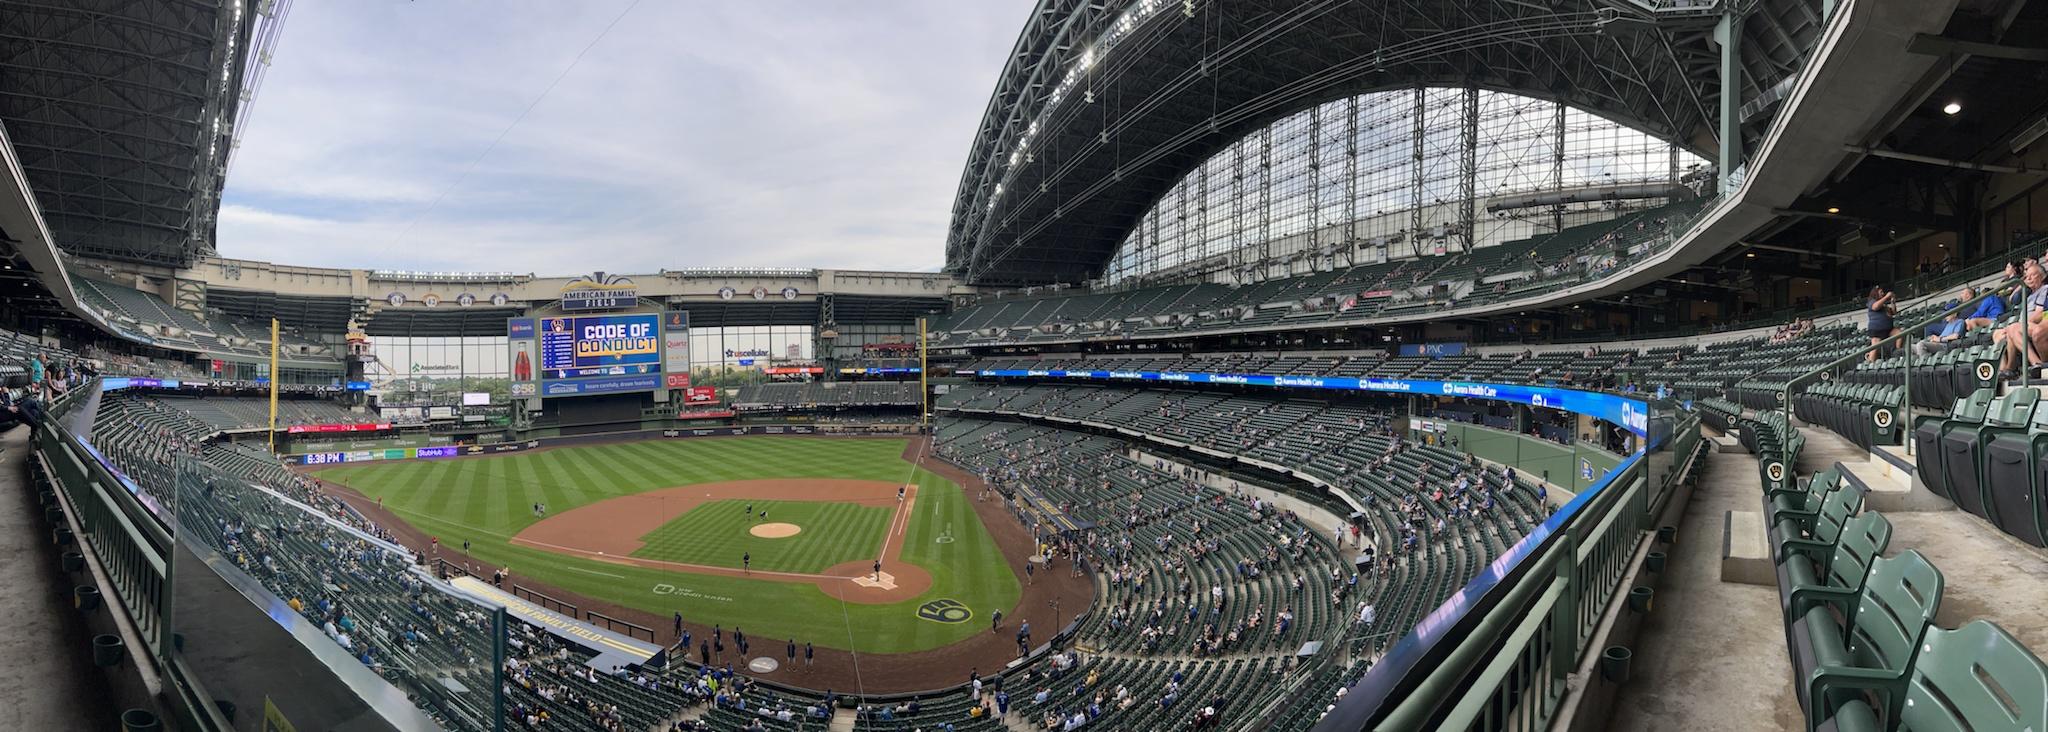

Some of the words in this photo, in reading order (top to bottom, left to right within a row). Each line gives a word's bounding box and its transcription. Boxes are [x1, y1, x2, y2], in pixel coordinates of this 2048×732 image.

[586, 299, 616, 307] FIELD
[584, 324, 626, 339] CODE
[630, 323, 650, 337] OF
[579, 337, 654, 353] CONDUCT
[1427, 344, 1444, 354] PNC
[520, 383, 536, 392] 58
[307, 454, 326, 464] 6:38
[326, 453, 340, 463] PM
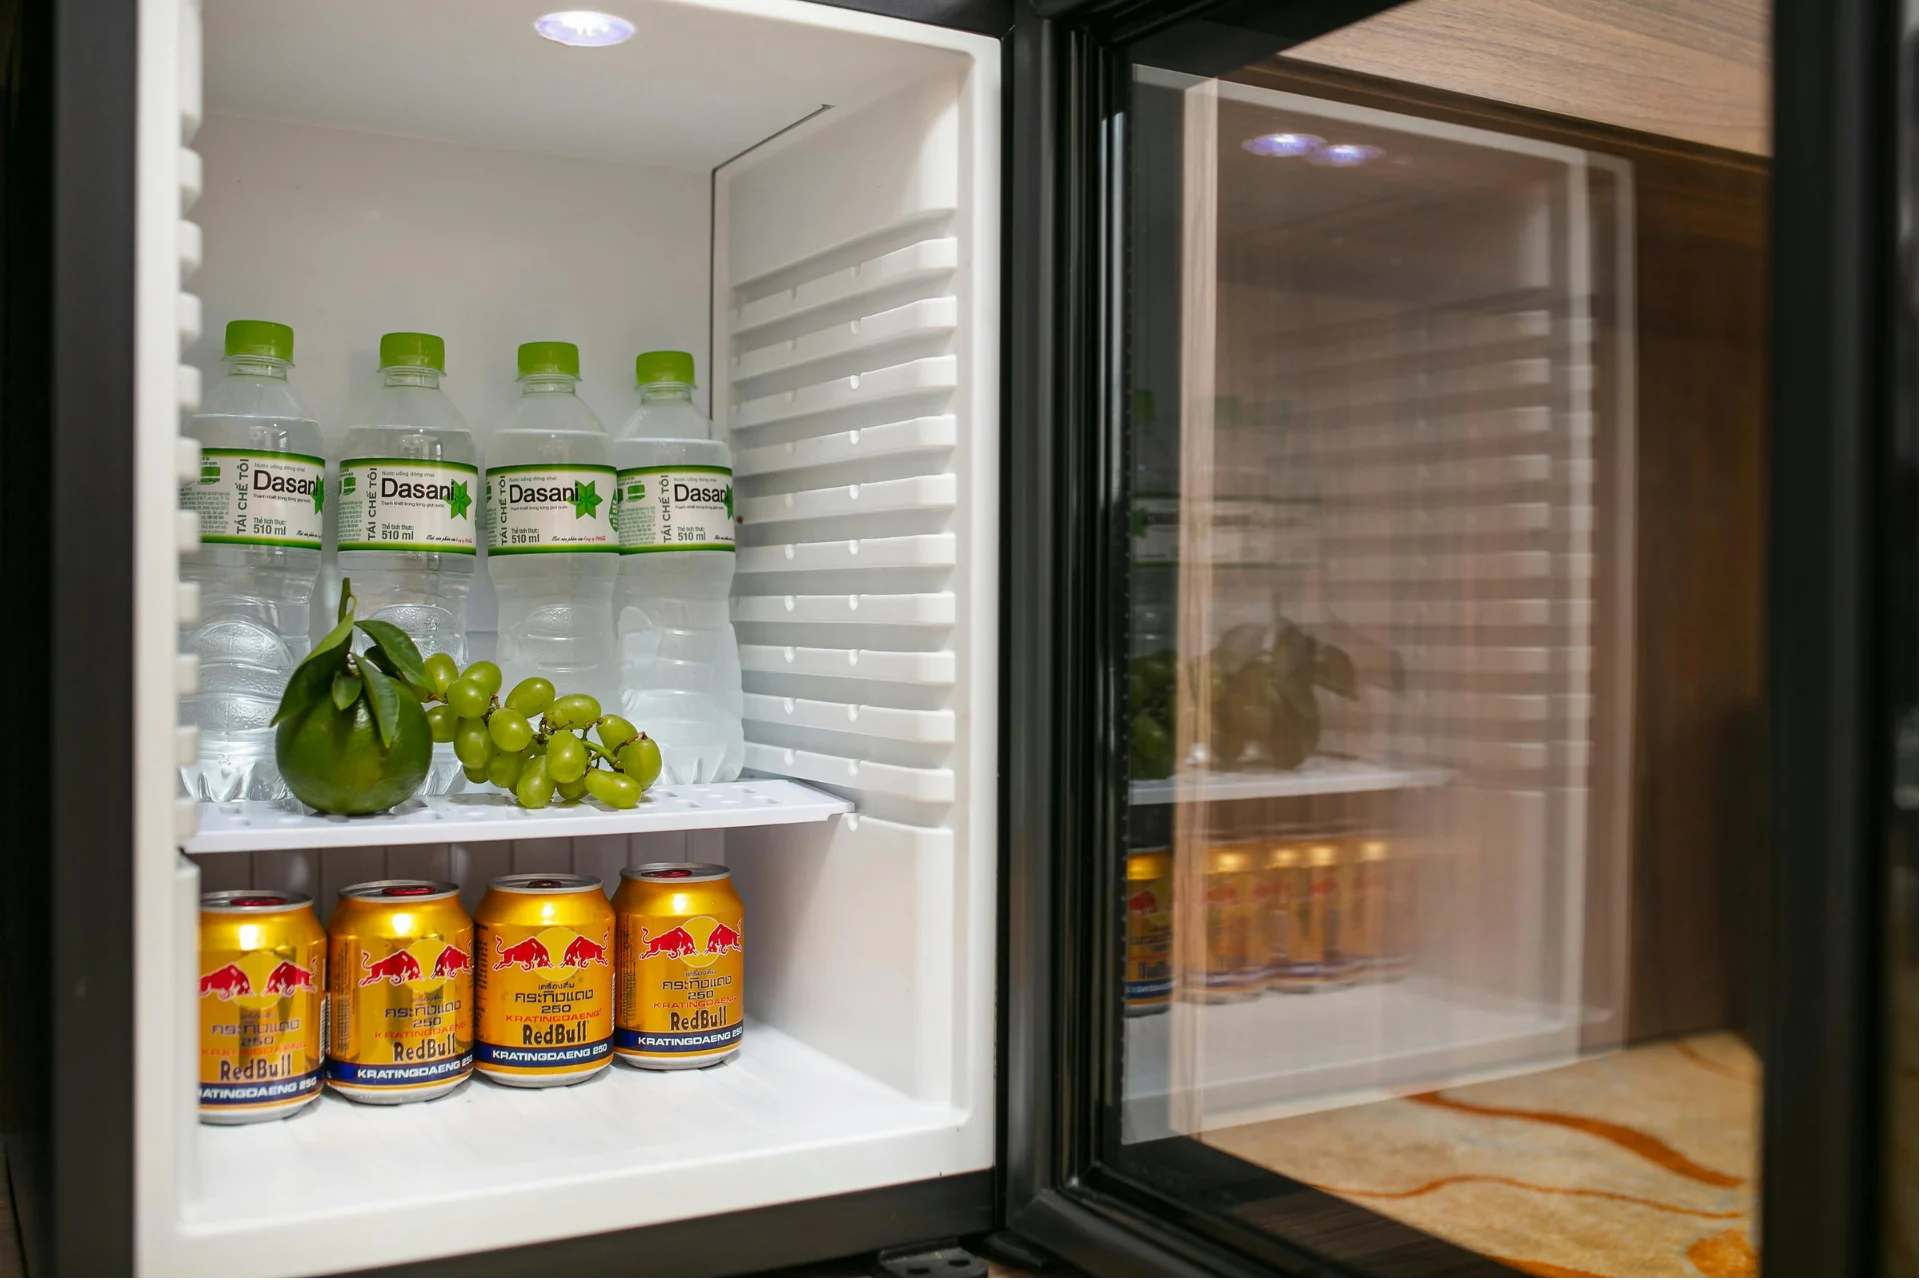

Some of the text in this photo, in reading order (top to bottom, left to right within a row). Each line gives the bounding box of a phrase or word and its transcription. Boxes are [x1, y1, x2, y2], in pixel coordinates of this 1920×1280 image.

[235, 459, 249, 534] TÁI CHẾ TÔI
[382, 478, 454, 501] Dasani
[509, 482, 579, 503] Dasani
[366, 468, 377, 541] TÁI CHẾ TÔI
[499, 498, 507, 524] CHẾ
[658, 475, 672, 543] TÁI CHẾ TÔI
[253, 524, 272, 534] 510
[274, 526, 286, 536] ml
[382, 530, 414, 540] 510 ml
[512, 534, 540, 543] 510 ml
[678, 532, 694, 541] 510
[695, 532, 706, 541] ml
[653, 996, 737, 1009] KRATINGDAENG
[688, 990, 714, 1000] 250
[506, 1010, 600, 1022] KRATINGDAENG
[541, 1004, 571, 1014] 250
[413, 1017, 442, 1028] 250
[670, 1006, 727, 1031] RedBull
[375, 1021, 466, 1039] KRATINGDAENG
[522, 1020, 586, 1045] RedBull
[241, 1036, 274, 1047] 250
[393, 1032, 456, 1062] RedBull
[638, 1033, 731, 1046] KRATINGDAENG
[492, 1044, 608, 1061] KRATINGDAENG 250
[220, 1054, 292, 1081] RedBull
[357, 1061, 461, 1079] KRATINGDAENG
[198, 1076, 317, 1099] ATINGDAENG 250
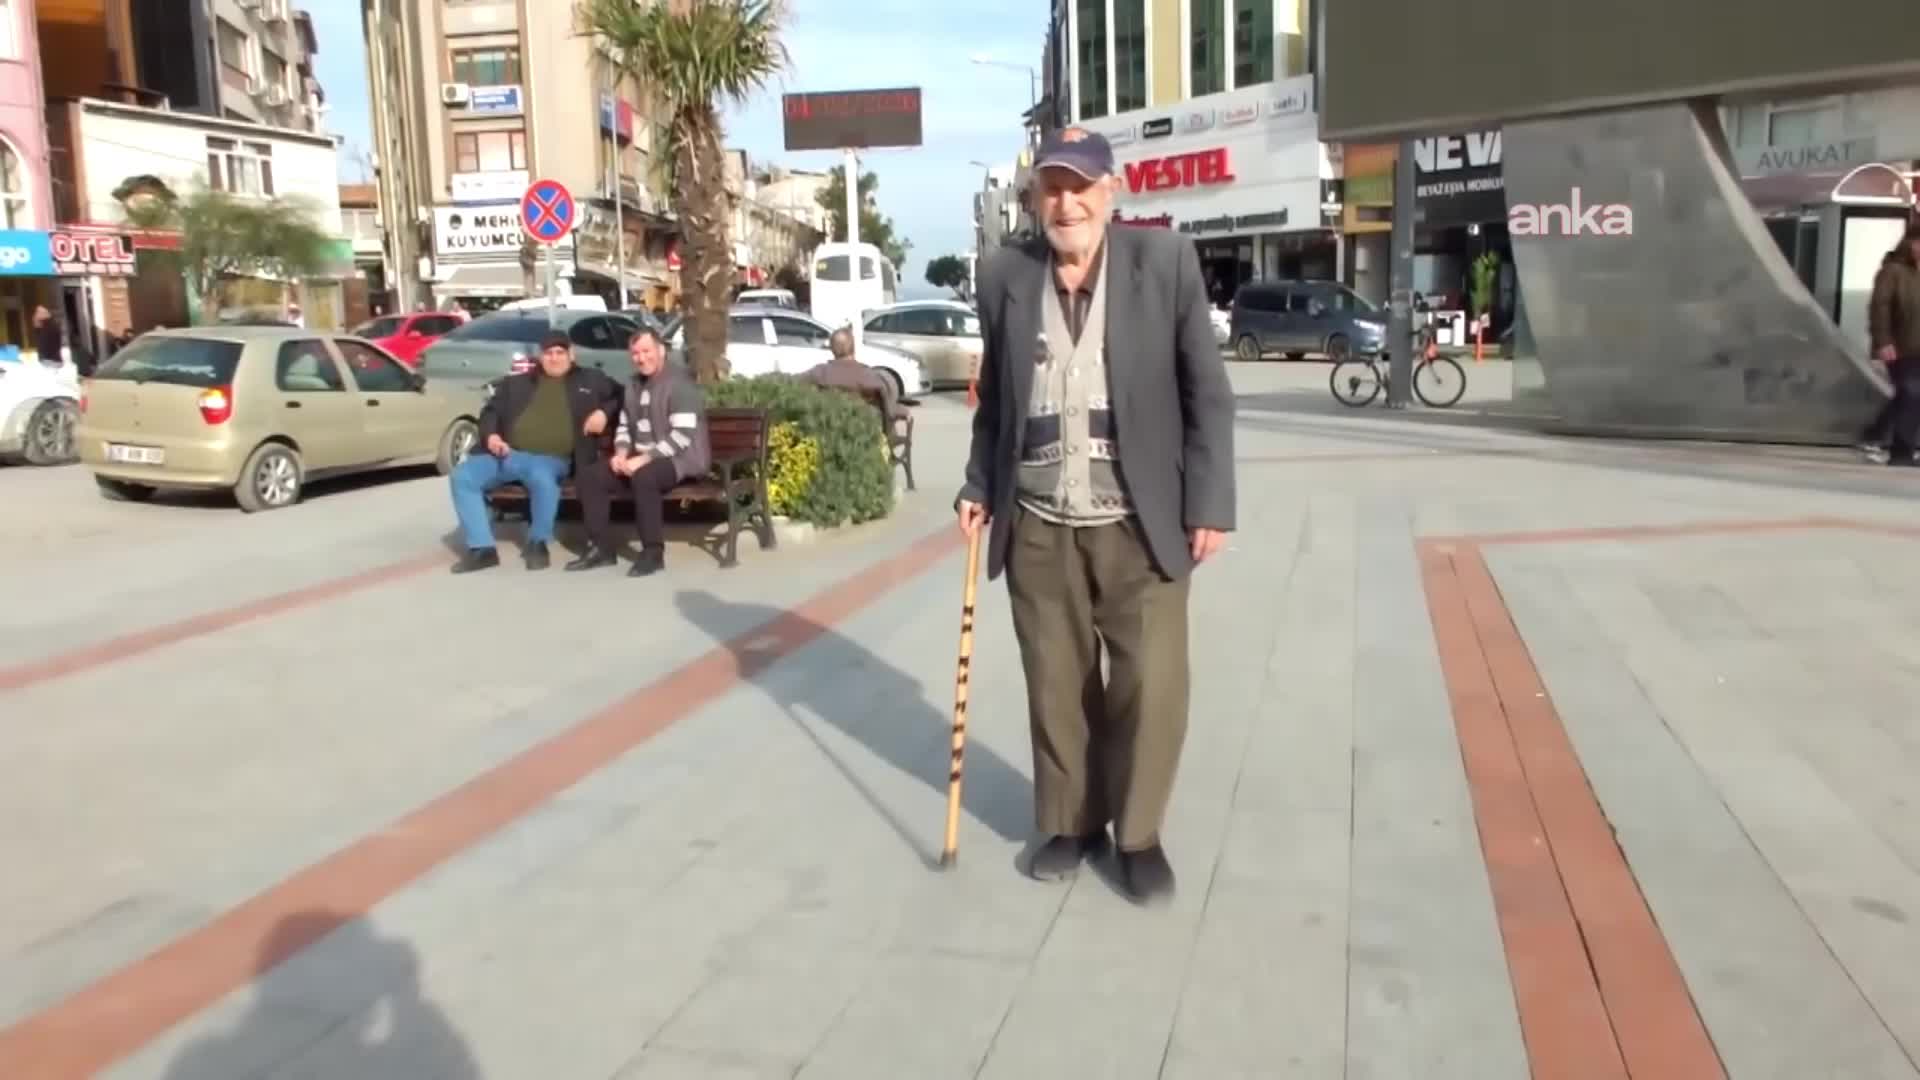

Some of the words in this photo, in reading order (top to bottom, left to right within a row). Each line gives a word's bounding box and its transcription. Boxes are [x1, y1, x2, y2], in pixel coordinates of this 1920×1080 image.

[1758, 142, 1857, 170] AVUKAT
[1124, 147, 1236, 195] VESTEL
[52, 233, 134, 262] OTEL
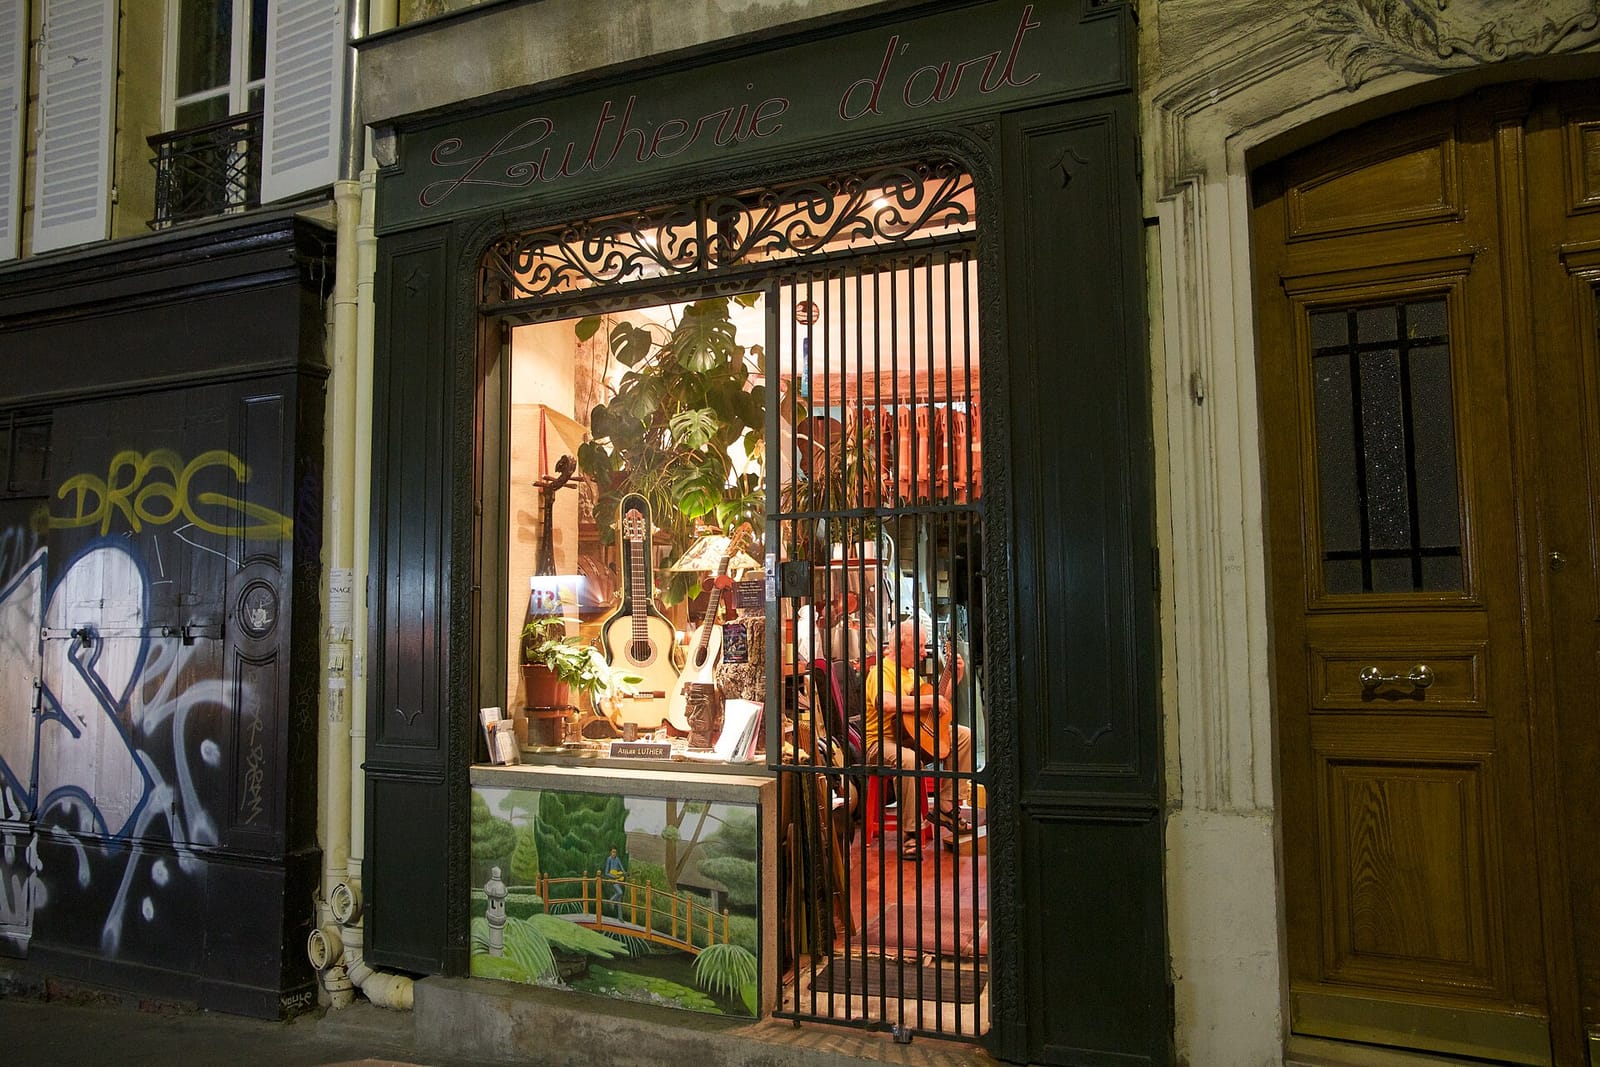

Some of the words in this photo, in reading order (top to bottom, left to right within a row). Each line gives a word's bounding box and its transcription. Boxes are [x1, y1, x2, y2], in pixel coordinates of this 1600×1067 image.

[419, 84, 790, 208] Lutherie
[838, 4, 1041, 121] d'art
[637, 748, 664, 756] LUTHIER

━━━━━━━━━━━━━━━━━━━━

**WHAT THE TASK REQUIRES:**
Every line from the one containing "this 1600×1067 image." to the close of the records must be reproduced exactly. Include both ends and nothing more.

**SOLUTION:**
Some of the words in this photo, in reading order (top to bottom, left to right within a row). Each line gives a word's bounding box and its transcription. Boxes are [x1, y1, x2, y2], in pixel coordinates of this 1600×1067 image.

[419, 84, 790, 208] Lutherie
[838, 4, 1041, 121] d'art
[637, 748, 664, 756] LUTHIER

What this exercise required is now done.